I really want to pass a variable that is auto (function) as input in another function.
Here is a structure that receives parameters for my xroot f:
struct my_f_params {
double flag;
auto inter_auto(double x, double y);
};
Here is the function I essentially want to have (it's based on a GSL library, so the form can't be changed). I want to be able to pass a "function" as a variable, and the only way I guessed it would happen is with auto.
After passing it, I try storing it to a new auto, But I get an error (see below):
double xrootf (double x, void * p)
{
my_f_params * params = (my_f_params *)p;
double flag = (params->flag);
auto inter_auto = (params->inter_auto);
return flag*inter_auto(x);
}
Here is an auto function that returns an auto function. This works perfectly (if xrootf is commented, I can print for example new_f(2)(2), etc):
auto new_f(double x){
auto in_result = [](double x, double y){
return x*y;
};
using namespace std::placeholders;
auto result_f = std::bind(in_result,x,_1);
return result_f;
}
The test code that proves that the auto function new_f is working good:
int main(int argc, char const *argv[])
{
auto nest_f = new_f(-0.5);
printf("%f\n", nest_f(+2));
return 0;
}
Recasting the auto function to double is not working, either (for the struct part of the code).
The error I'm getting is:
auto_pass.cpp: In function 'double xrootf(double, void*)':
auto_pass.cpp:28:42: error: unable to deduce 'auto' from 'params->my_f_params::inter_auto'
28 | auto inter_auto = (params->inter_auto);
| ^
auto_pass.cpp:28:42: note: couldn't deduce template parameter 'auto'
The aim of the code is this:
Have a function that is able to return a function (DONE W/ new_f)
Have a function that is able to take a function as a variable (the one with new_f) (Not Done)
EDIT: Here's a quick Python script that's very easy to achieve what I'm saying:
def new_f(y):
#make any number of computatioanly costly Algebra with y
def g(x):
return x*y
return g
def xroot(f,flag):
return flag-f(flag)
auto is just a placeholder for a compiler-deduced type, depending on the context in which auto is used.
In your example, you can't use auto as the return value of my_f_params::inter_auto(), because the compiler has no way to know what type inter_auto() actually returns, so it can't deduce the type of the auto.

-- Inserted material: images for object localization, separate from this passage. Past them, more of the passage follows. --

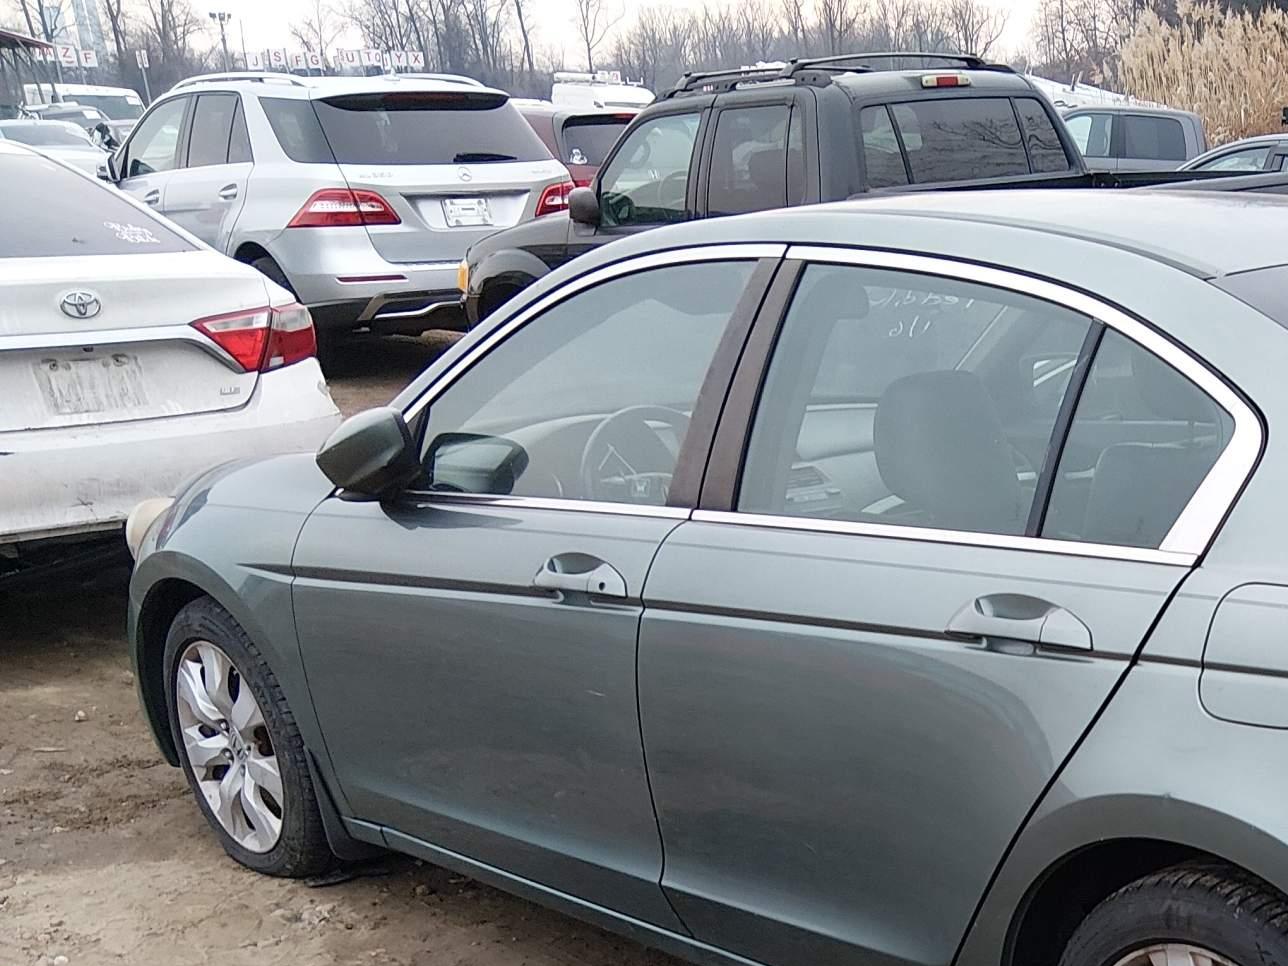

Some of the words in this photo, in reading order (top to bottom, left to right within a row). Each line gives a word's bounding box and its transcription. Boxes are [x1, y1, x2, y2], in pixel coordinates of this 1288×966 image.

[62, 48, 73, 59] Z
[84, 52, 93, 63] F
[273, 51, 282, 62] S
[345, 52, 354, 63] U
[394, 53, 403, 63] Y
[412, 53, 421, 64] X
[310, 54, 319, 66] G
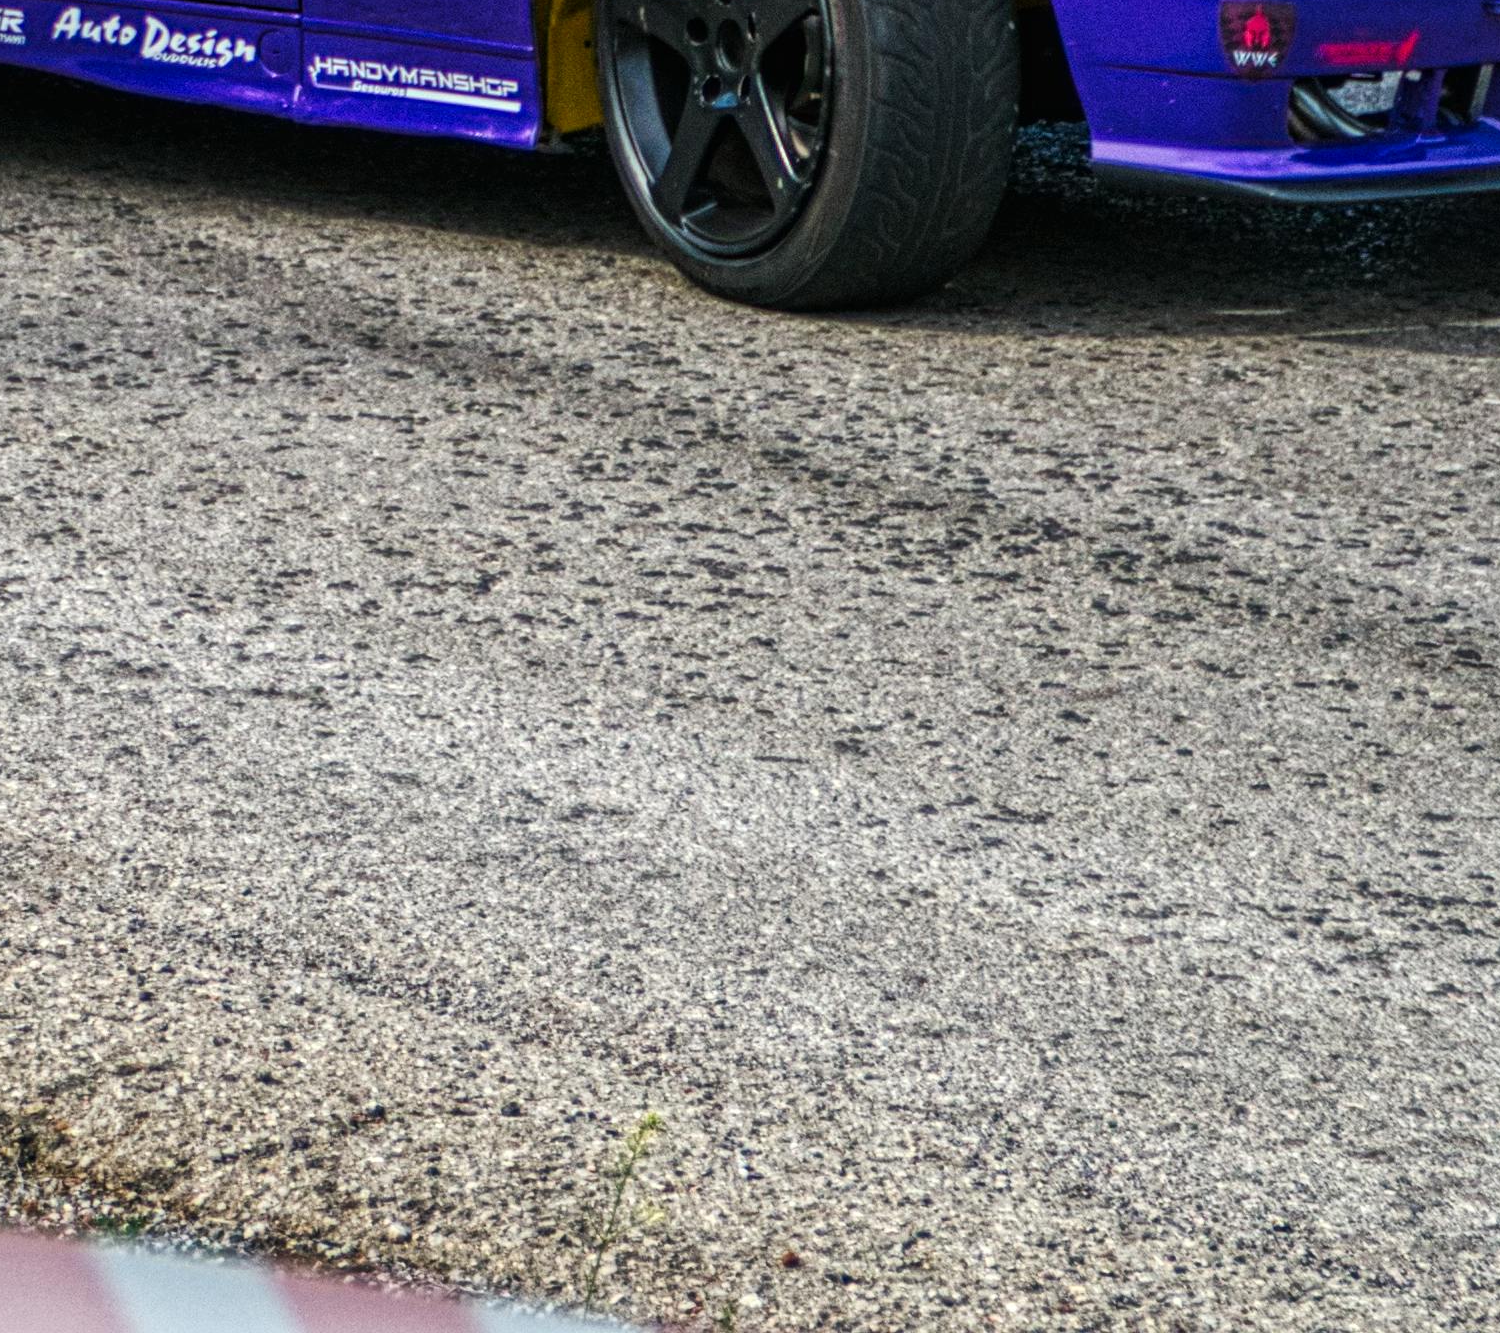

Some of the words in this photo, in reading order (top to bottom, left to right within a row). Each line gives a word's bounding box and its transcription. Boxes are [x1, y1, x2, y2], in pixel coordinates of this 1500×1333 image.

You would need to do this instead:
struct my_f_params {
double flag;
auto inter_auto(double x, double y) { return ...; }
};
Then the compiler can deduce the type of the auto from the return statement.
Without that inline code, you would have to be explicit about the return type, eg:
struct my_f_params {
double flag;
double inter_auto(double x, double y);
};
double my_f_params::inter_auto(double x, double y) {
return ...;
}
But in any case, this is not what you really want. Your xrootf() function is trying to call inter_auto() with only one parameter, but my_f_params::inter_auto() is declared to take 2 parameters instead. Based on the Python script you showed, what you really want is for inter_auto to be a reference to some other external function instead. In which case, you can use std::function for that purpose (and there is no need to use std::bind() with a lambda at all).
Try this:
#include <iostream>
#include <functional>
struct my_f_params {
double flag;
std::function<double(double)> inter_auto;
};
double xrootf(double x, void * p)
{
my_f_params * params = static_cast<my_f_params*>(p);
return params->flag * params->inter_auto(x);
}
auto new_f(double x){
return [x](double y) {
return x * y;
};
}
int main(int argc, char const *argv[])
{
my_f_params p;
p.flag = 123.45;
p.inter_auto = new_f(-0.5);
std::cout << xrootf(+2, &p) << std::endl;
return 0;
}
When calling xrootf(), the resulting equation will be:
flag * (x * y)
which in this example is:
123.45 * (-0.5 * +2) = -123.45